What you have to do: From the line containing "Some of the words" to the last line of the listing, both included, copy every line exactly and drop the pictures.

::::::::::

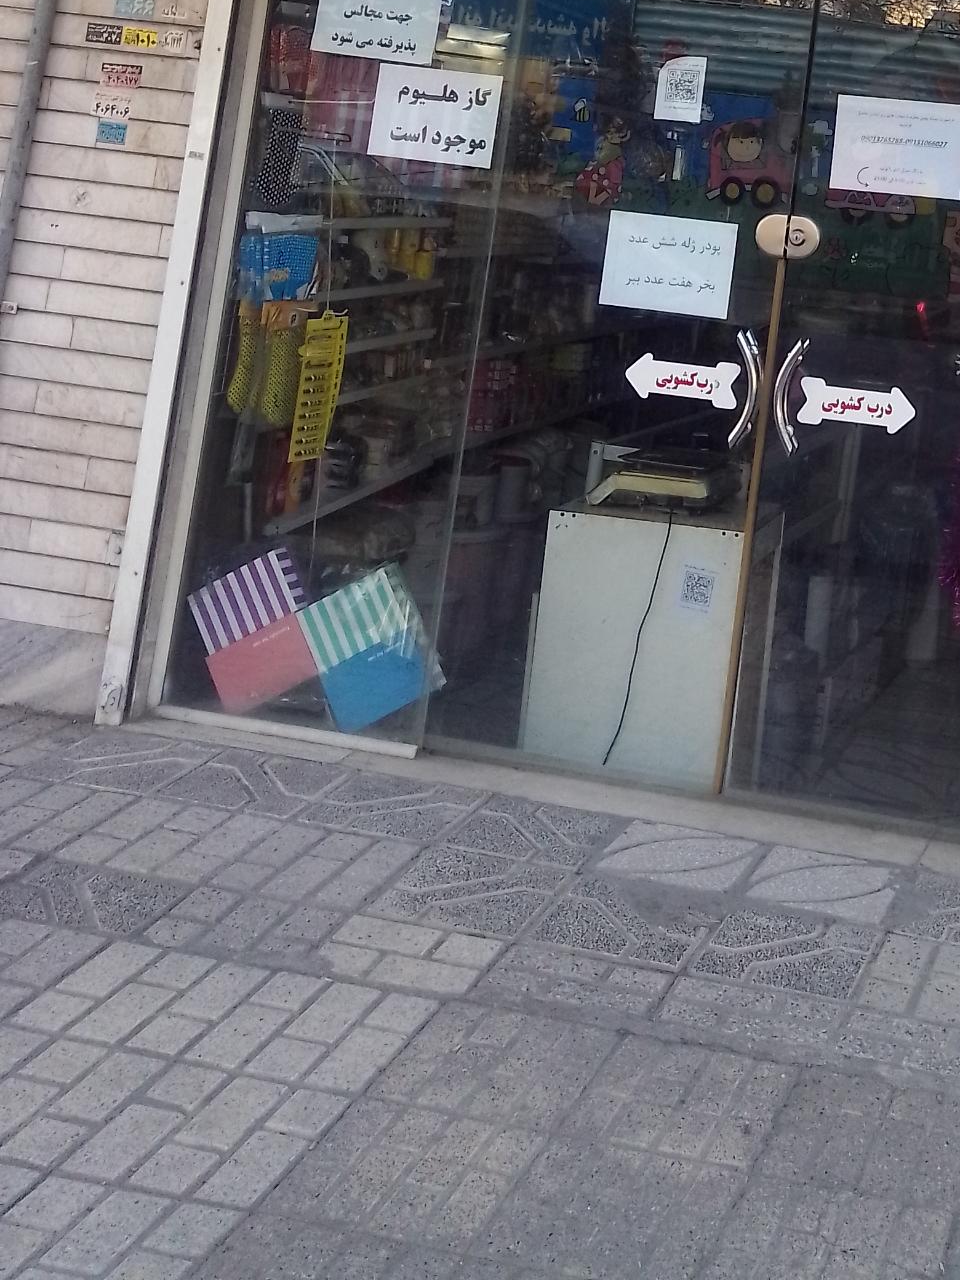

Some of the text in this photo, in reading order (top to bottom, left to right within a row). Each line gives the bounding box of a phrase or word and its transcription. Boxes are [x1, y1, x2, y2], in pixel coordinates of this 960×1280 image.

[343, 4, 413, 26] جهت مجالس
[331, 32, 417, 56] پذیرفته می شود
[397, 83, 492, 111] گاز هلیوم
[389, 125, 487, 155] موجود است
[628, 235, 721, 255] پودر ژله شش عدد
[644, 275, 664, 285] عدد
[668, 276, 693, 288] هفت
[697, 279, 715, 294] بخر
[655, 371, 698, 391] کشویی
[821, 397, 893, 419] درب کشویی
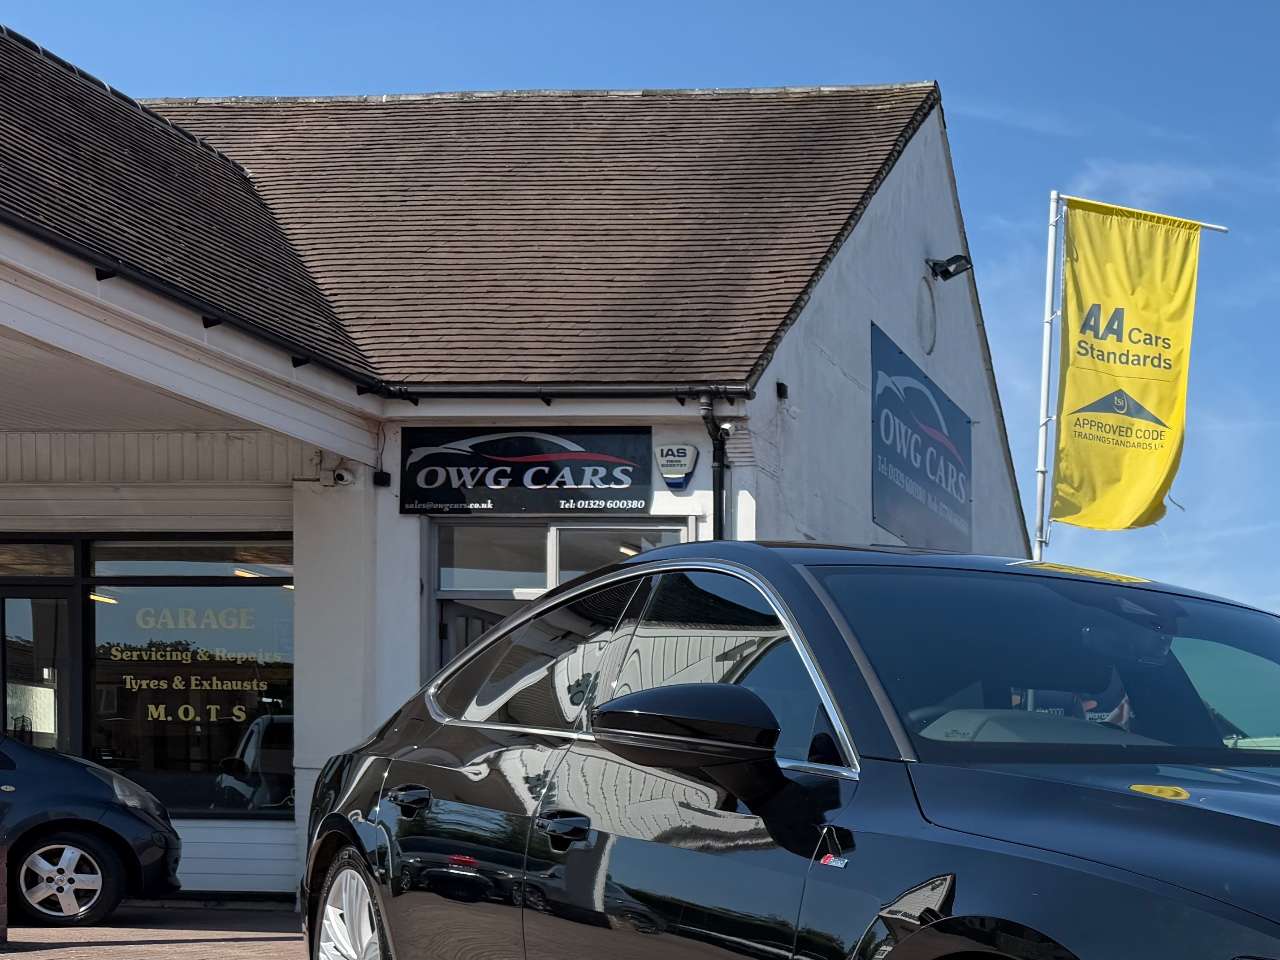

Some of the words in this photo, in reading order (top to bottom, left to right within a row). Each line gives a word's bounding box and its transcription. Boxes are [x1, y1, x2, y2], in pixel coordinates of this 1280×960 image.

[1080, 303, 1125, 343] AA
[1128, 327, 1172, 350] Cars
[1076, 340, 1173, 370] Standards
[1073, 417, 1133, 438] APPROVED
[1135, 429, 1166, 441] CODE
[660, 448, 687, 458] IAS
[879, 408, 922, 469] OWG
[926, 446, 967, 504] CARS
[416, 466, 513, 490] OWG
[522, 465, 633, 490] CARS
[560, 499, 576, 509] Tel:
[577, 499, 606, 509] 01329
[606, 499, 646, 511] 600380
[135, 607, 256, 629] GARAGE
[110, 646, 192, 663] Servicing
[196, 648, 210, 661] &
[122, 675, 168, 691] Tyres
[172, 675, 186, 690] &
[190, 675, 268, 691] Exhausts
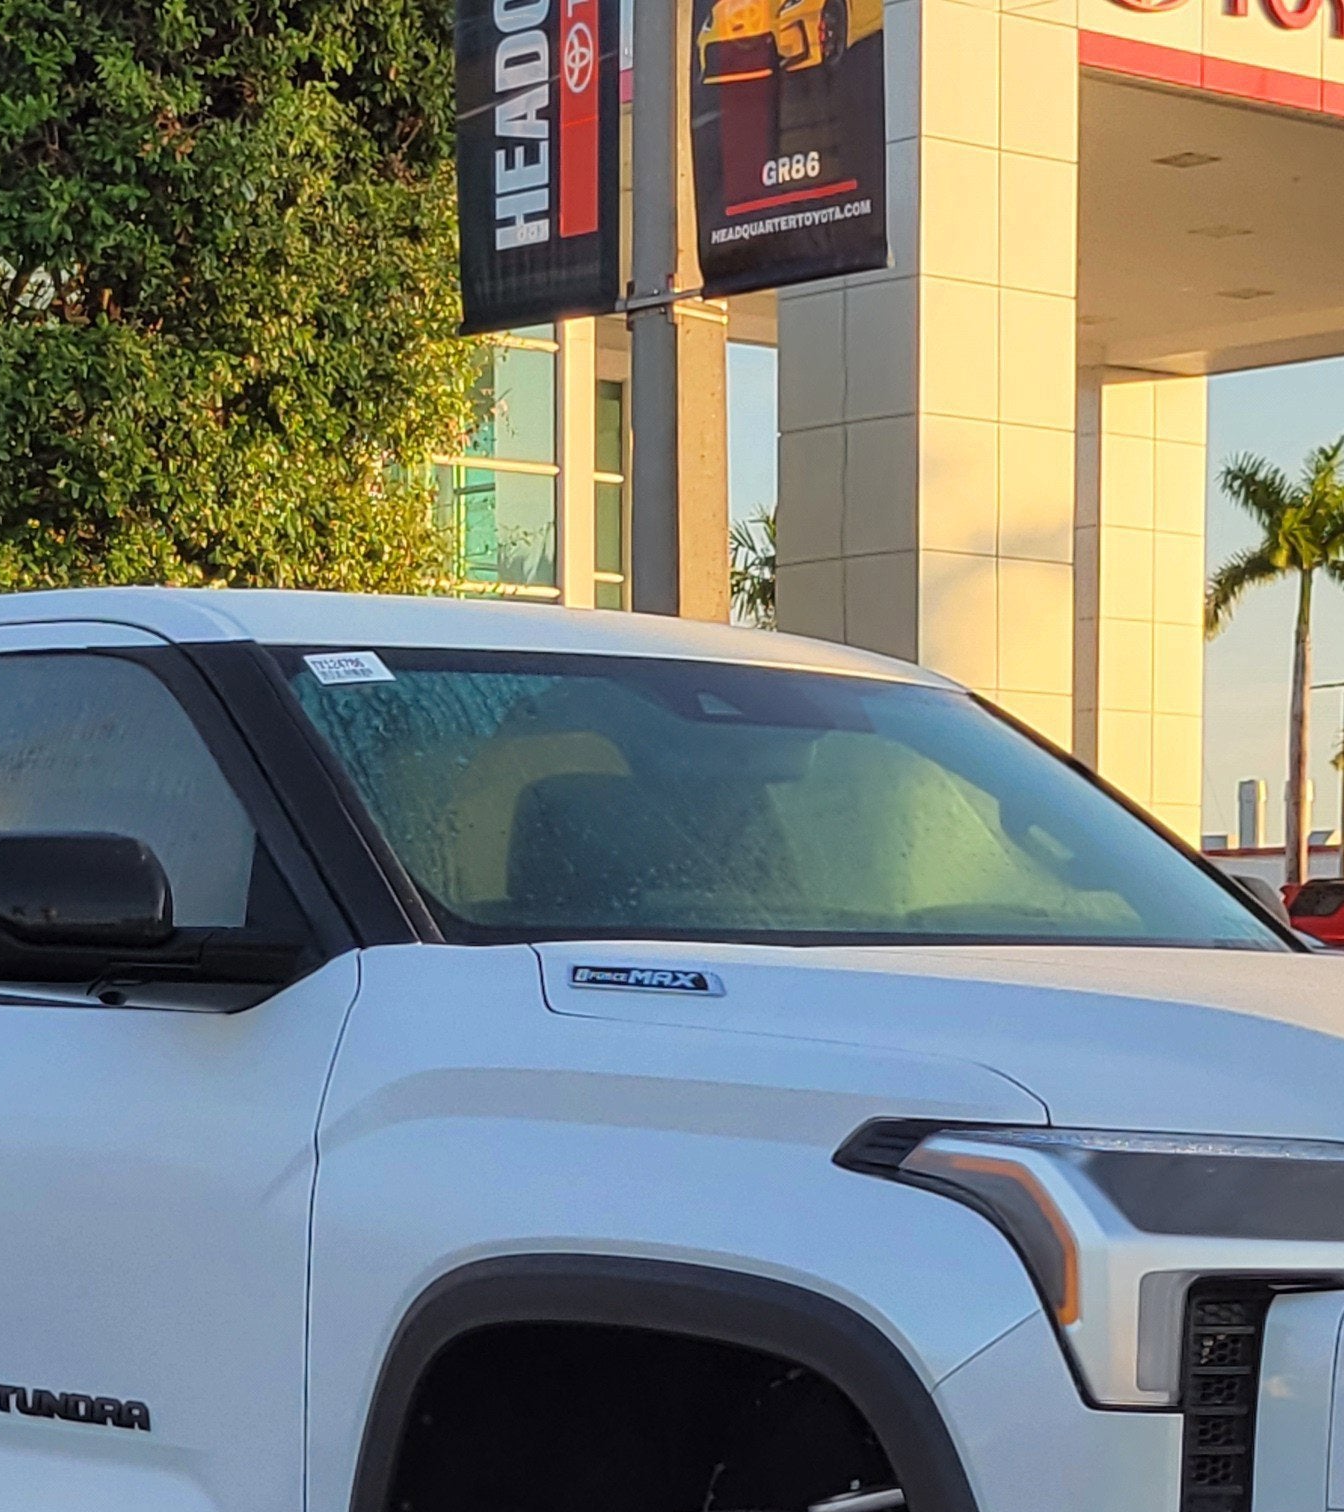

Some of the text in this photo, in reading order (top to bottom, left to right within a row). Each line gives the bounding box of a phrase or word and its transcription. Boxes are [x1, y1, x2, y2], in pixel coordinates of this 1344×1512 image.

[761, 151, 821, 187] GR86
[710, 199, 872, 245] HEADQUARTERTOYOTA.COM
[628, 969, 697, 988] MAX

::::::::::

Answer space:
Some of the words in this photo, in reading order (top to bottom, left to right within a row). Each line gives a word's bounding box and its transcription. Boxes are [x1, y1, x2, y2], in pixel coordinates of this 1280×960 image.

[1080, 303, 1125, 343] AA
[1128, 327, 1172, 350] Cars
[1076, 340, 1173, 370] Standards
[1073, 417, 1133, 438] APPROVED
[1135, 429, 1166, 441] CODE
[660, 448, 687, 458] IAS
[879, 408, 922, 469] OWG
[926, 446, 967, 504] CARS
[416, 466, 513, 490] OWG
[522, 465, 633, 490] CARS
[560, 499, 576, 509] Tel:
[577, 499, 606, 509] 01329
[606, 499, 646, 511] 600380
[135, 607, 256, 629] GARAGE
[110, 646, 192, 663] Servicing
[196, 648, 210, 661] &
[122, 675, 168, 691] Tyres
[172, 675, 186, 690] &
[190, 675, 268, 691] Exhausts

Some of the text in this photo, in reading order (top to bottom, left to right within a row). Each line gives the bounding box of a phrase or word and its transcription. Boxes are [x1, y1, x2, y2], in pixel coordinates of this 1344×1512 image.

[761, 151, 821, 187] GR86
[710, 199, 872, 245] HEADQUARTERTOYOTA.COM
[628, 969, 697, 988] MAX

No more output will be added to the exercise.